ARTICLE 4. VOLUME REQUIREMENT
4.1. 100% Requirement. Throughout the term of this Agreement, BPP
shall ship pursuant to this Agreement one hundred percent (100%) of
the Coal used at the Facility during said period, except to the extent that
ERLB is unable to provide transportation because of a force majeure event as
provided herein or due to an event of default by ERLB.

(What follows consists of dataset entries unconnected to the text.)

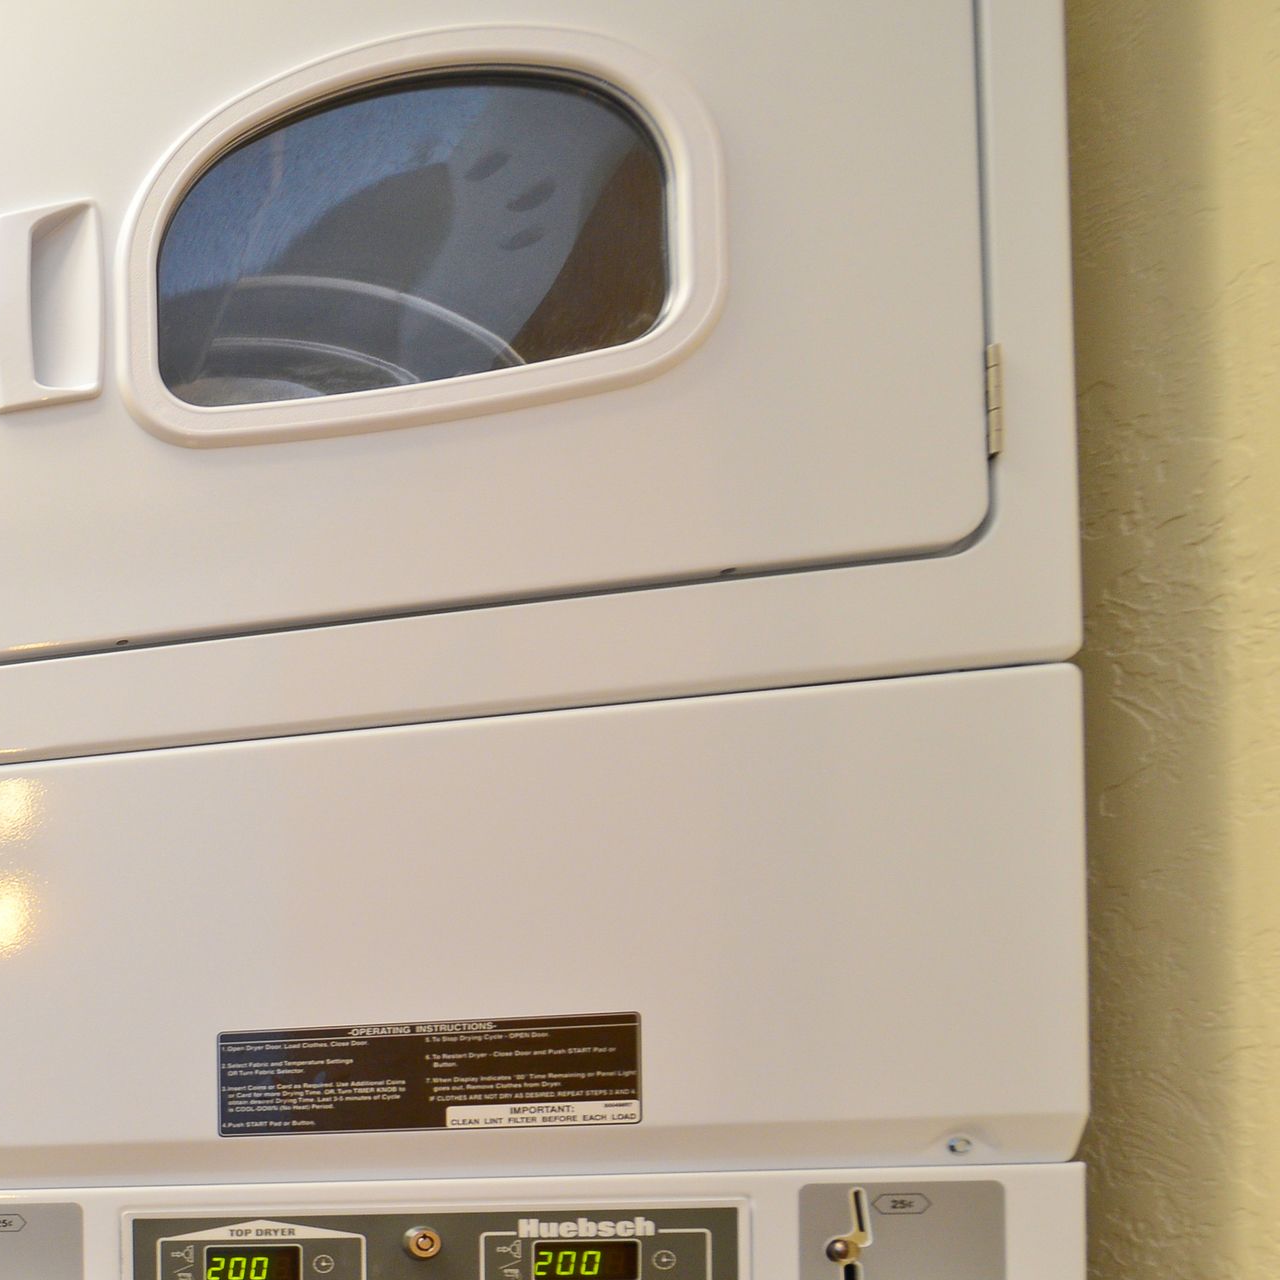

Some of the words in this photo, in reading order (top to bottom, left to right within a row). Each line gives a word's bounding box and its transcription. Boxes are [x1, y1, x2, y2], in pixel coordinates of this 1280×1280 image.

[510, 1104, 575, 1114] IMPORTANT:
[450, 1118, 480, 1126] CLEAN
[542, 1114, 578, 1122] BEFORE
[583, 1113, 607, 1121] EACH
[612, 1112, 637, 1120] LOAD
[229, 1228, 252, 1237] TOP
[255, 1228, 296, 1237] DRYER
[518, 1216, 656, 1238] Huebsch
[207, 1256, 269, 1280] 200
[534, 1250, 601, 1275] 200
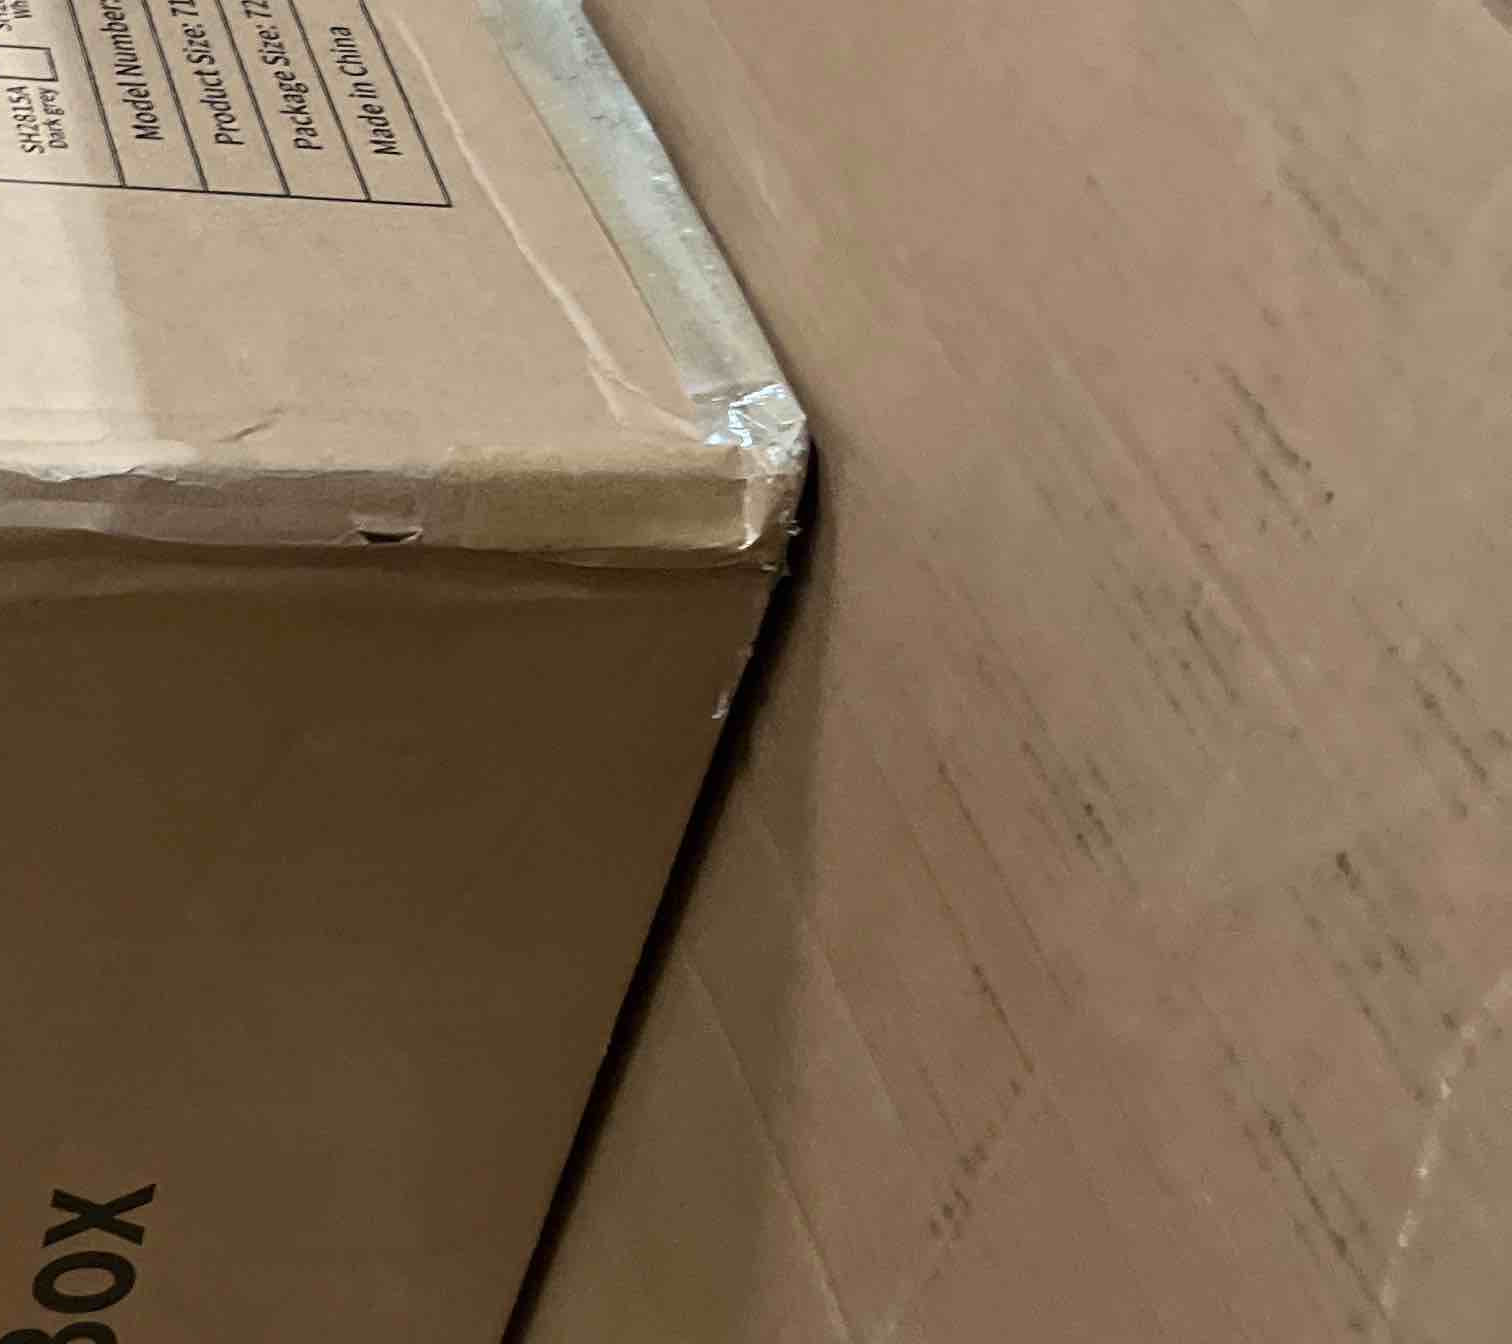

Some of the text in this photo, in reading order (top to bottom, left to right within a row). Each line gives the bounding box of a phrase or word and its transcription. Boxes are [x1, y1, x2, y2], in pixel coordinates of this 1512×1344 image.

[181, 22, 216, 67] Size:
[255, 23, 292, 68] Size:
[6, 85, 45, 155] SH2815A
[39, 87, 69, 150] Dark grey
[117, 82, 165, 142] Model
[193, 68, 246, 146] Product
[273, 69, 324, 152] Package
[328, 24, 404, 157] Made in China
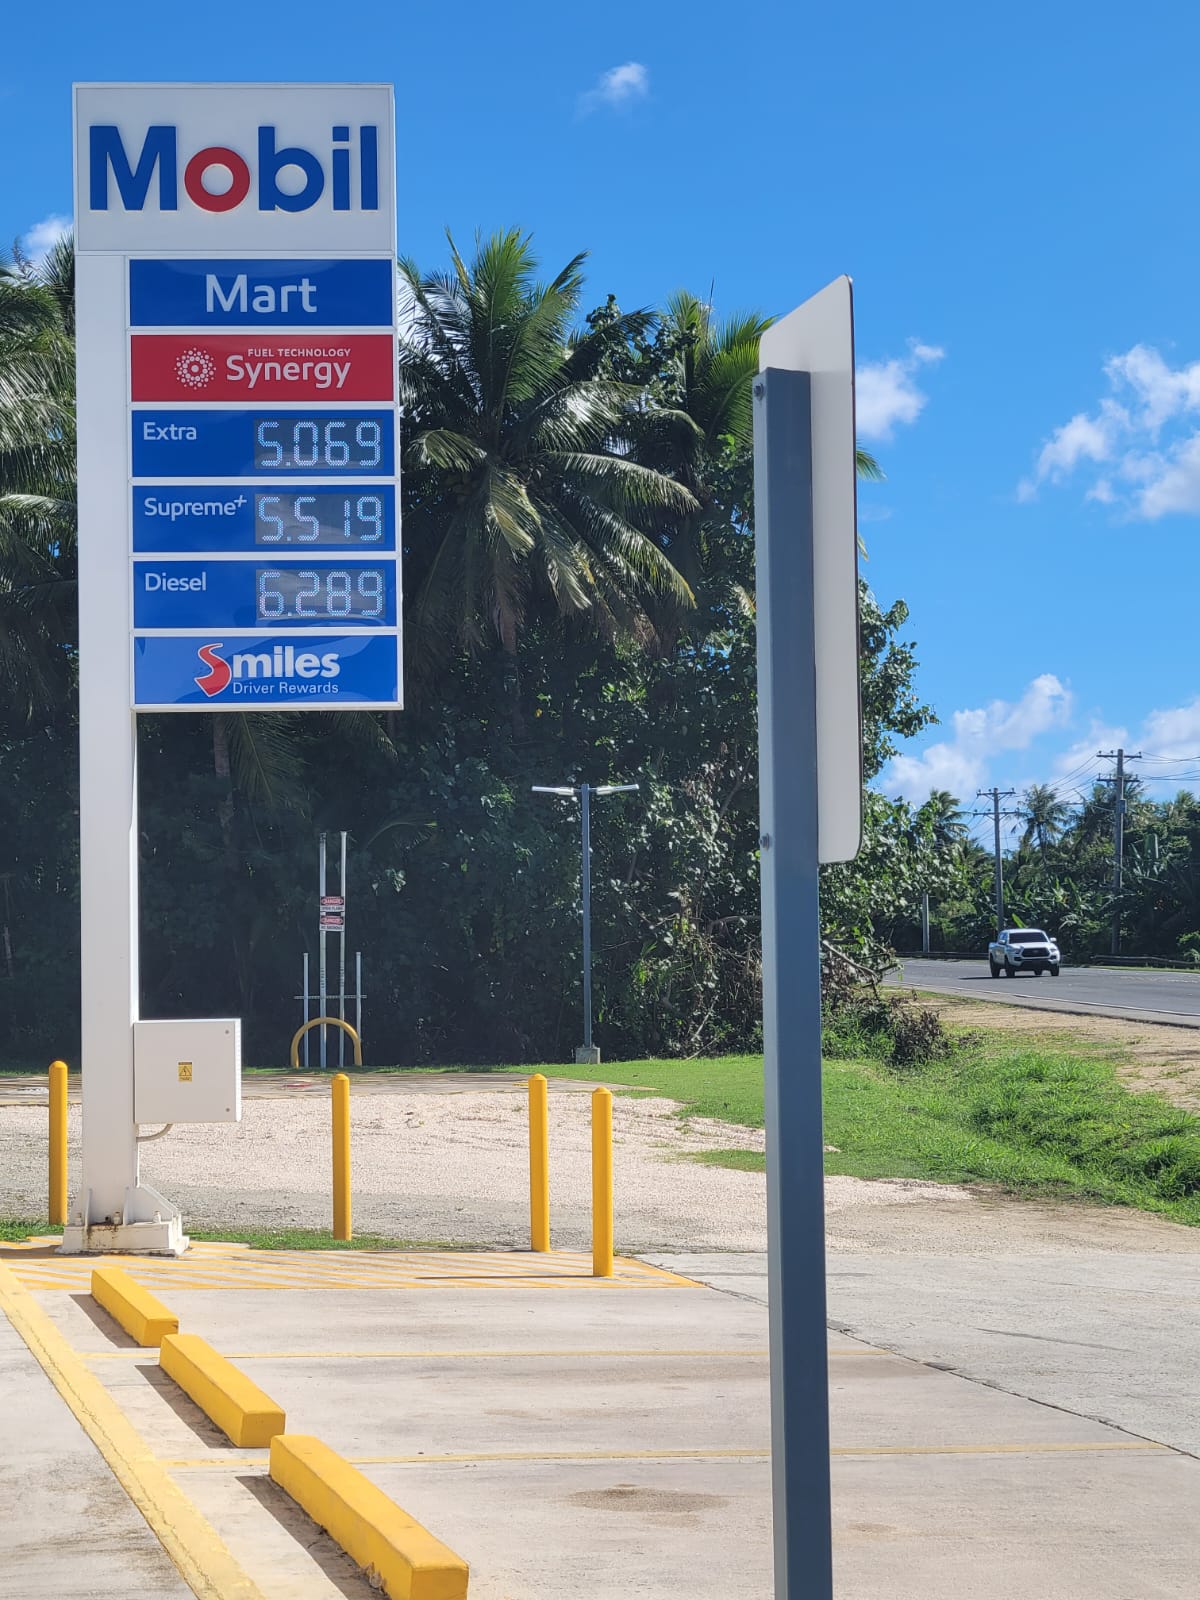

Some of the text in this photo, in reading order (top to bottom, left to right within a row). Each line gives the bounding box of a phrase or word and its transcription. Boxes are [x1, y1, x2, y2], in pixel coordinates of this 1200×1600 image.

[89, 125, 379, 213] Mobil
[205, 274, 317, 313] Mart
[226, 355, 351, 389] Synergy
[247, 348, 351, 357] FUEL TECHNOLOGY
[143, 421, 381, 466] Extra 5.069
[144, 495, 382, 541] Supreme+ 5.519
[144, 571, 383, 617] Diesel 6.289
[194, 642, 341, 698] Smiles
[232, 681, 339, 695] Driver Rewards
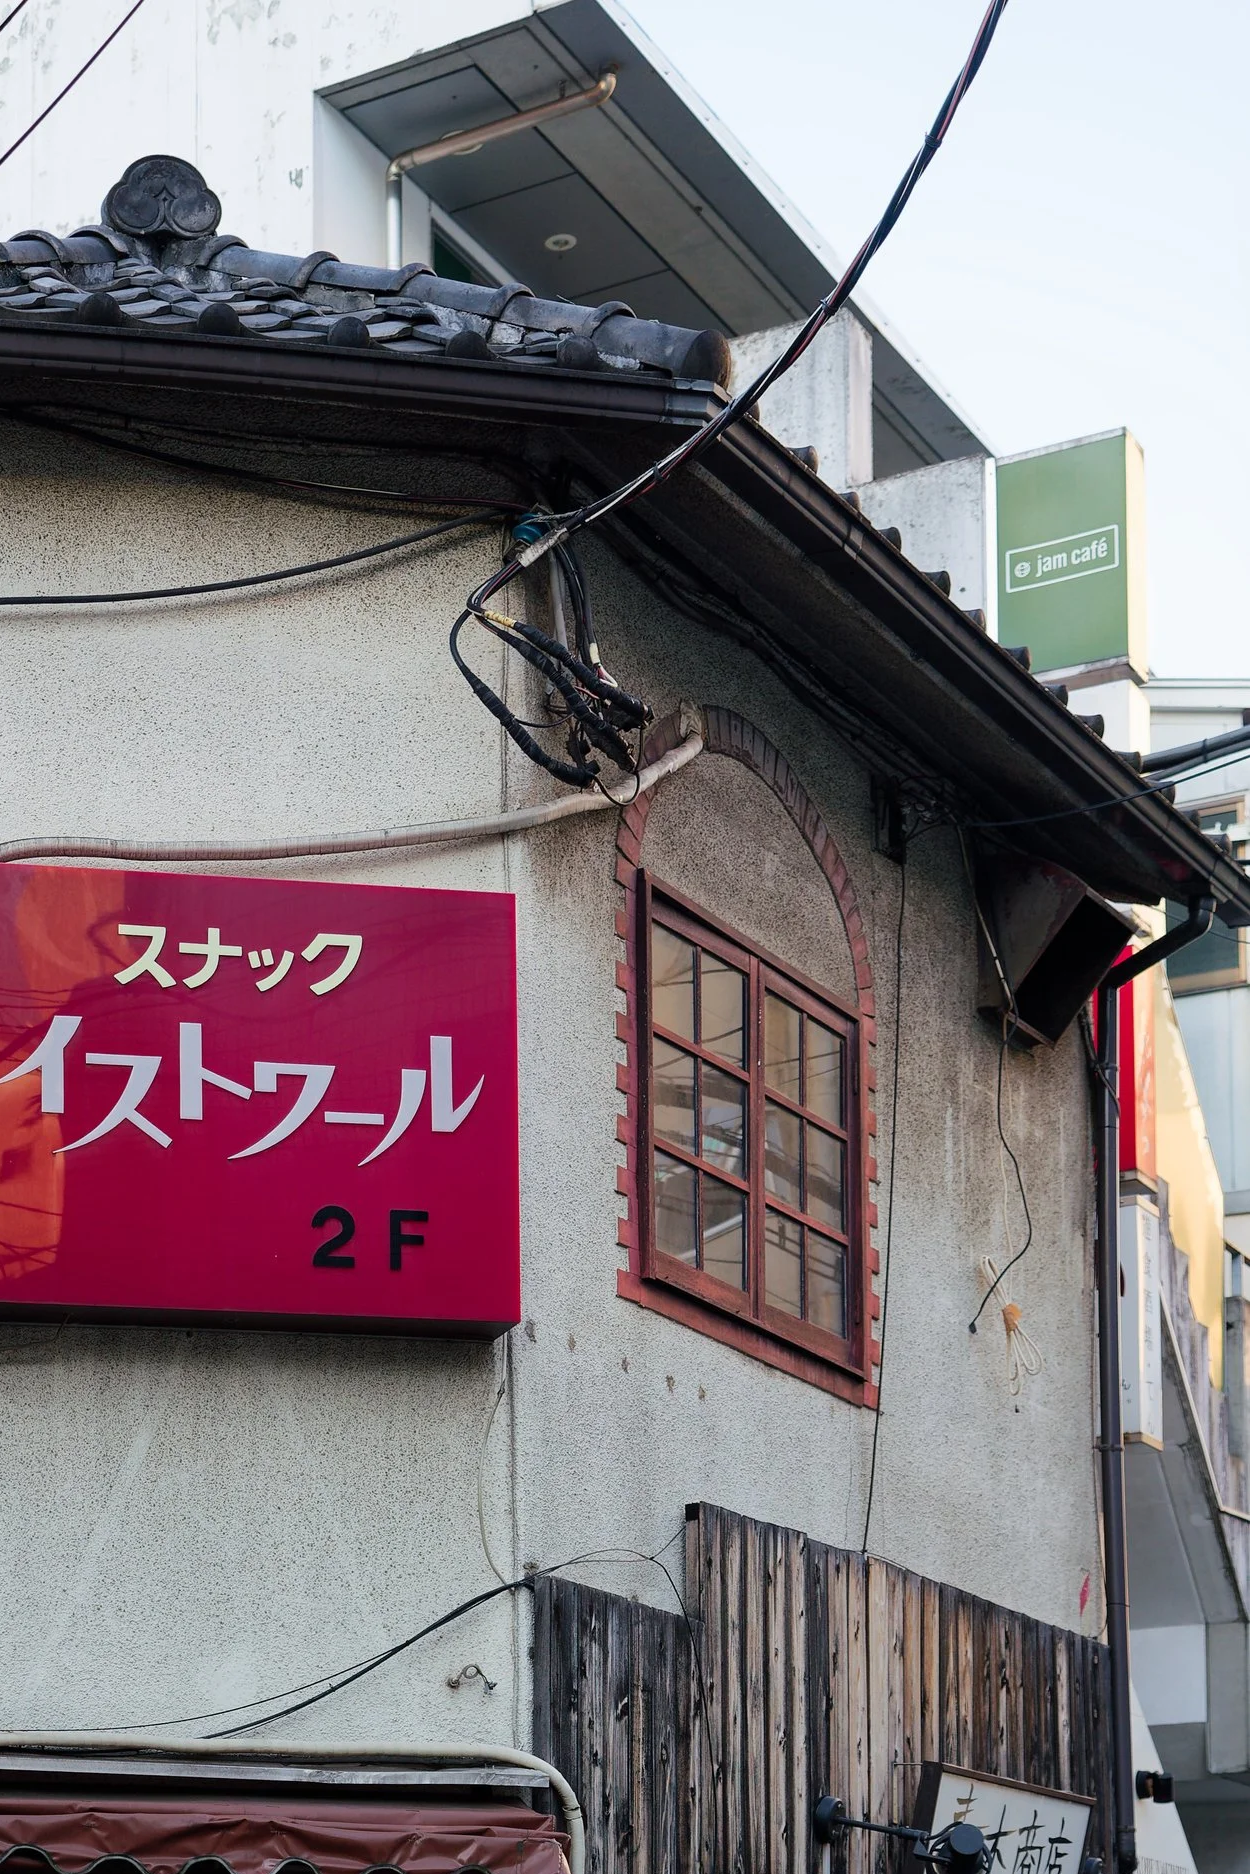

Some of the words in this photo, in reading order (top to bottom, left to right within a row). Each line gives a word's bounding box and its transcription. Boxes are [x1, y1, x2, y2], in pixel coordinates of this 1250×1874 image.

4.2. Liquidated Damages. In the event BPP fails to ship under this
Agreement one hundred percent (100%) of the Coal used at the Facility during
the time this Agreement is in effect, except to the extent that ERLB is unable
to provide transportation because of a force majeure event as provided herein
or due to an event of default by ERLB, and except as provided in Section 4.1,
BPP shall pay ERLB [xxx] dollars ($[xxx]) a ton for the difference between the
number of tons that should have been shipped under this Agreement and the
number of tons actually shipped. Such payments shall be liquidated damages and
not a penalty. It is agreed that ERLB's actual damages would be uncertain as
to amount and difficult to ascertain. Such payments shall be due and payable
within forty-five (45) days after the end of each calendar quarter in which
BPP failed to ship one hundred percent (100%) of the Coal. After said
forty-five (45) days said amount shall bear interest at the Prime Rate plus two
percent (2%) per annum until paid. The rate provided herein for determining
liquidated damages is provided as of January 1, 1993. It shall be adjusted in
the same manner and at the same time as rates are adjusted under Section 3.2.
Within fifteen (15) days after the end of each calendar quarter
if the Facility has used any coal other than Coal transported under this
Agreement, BPP shall notify ERLB of the amount of such coal and the reason for
using it. BPP's records pertaining to all Coal received shall be retained for
three (3) years and such records and the certifications shall be subject to
audit by ERLB not more than once per year.
4.3. Non-Hazardous Materials. BPP shall endeavor to provide in its
agreement with any coal supplier supplying coal to the Facility which is
transported as provided in this Agreement that such coal supplier shall not
tender any shipment which contains any Hazardous Material and that such coal
supplier will indemnify and hold harmless ERLB and any carrier of such coal
8
------------
[xxx] These portions of this exhibit have been omitted and filed separately
with the Commission pursuant to a request for confidential treatment.
12
from any and all claims, damages, civil penalties, fines, expenses and fees,
including, but not limited to, attorneys' and experts' fees, which arise from
the tender of any shipment to the Facility which contains Hazardous Material.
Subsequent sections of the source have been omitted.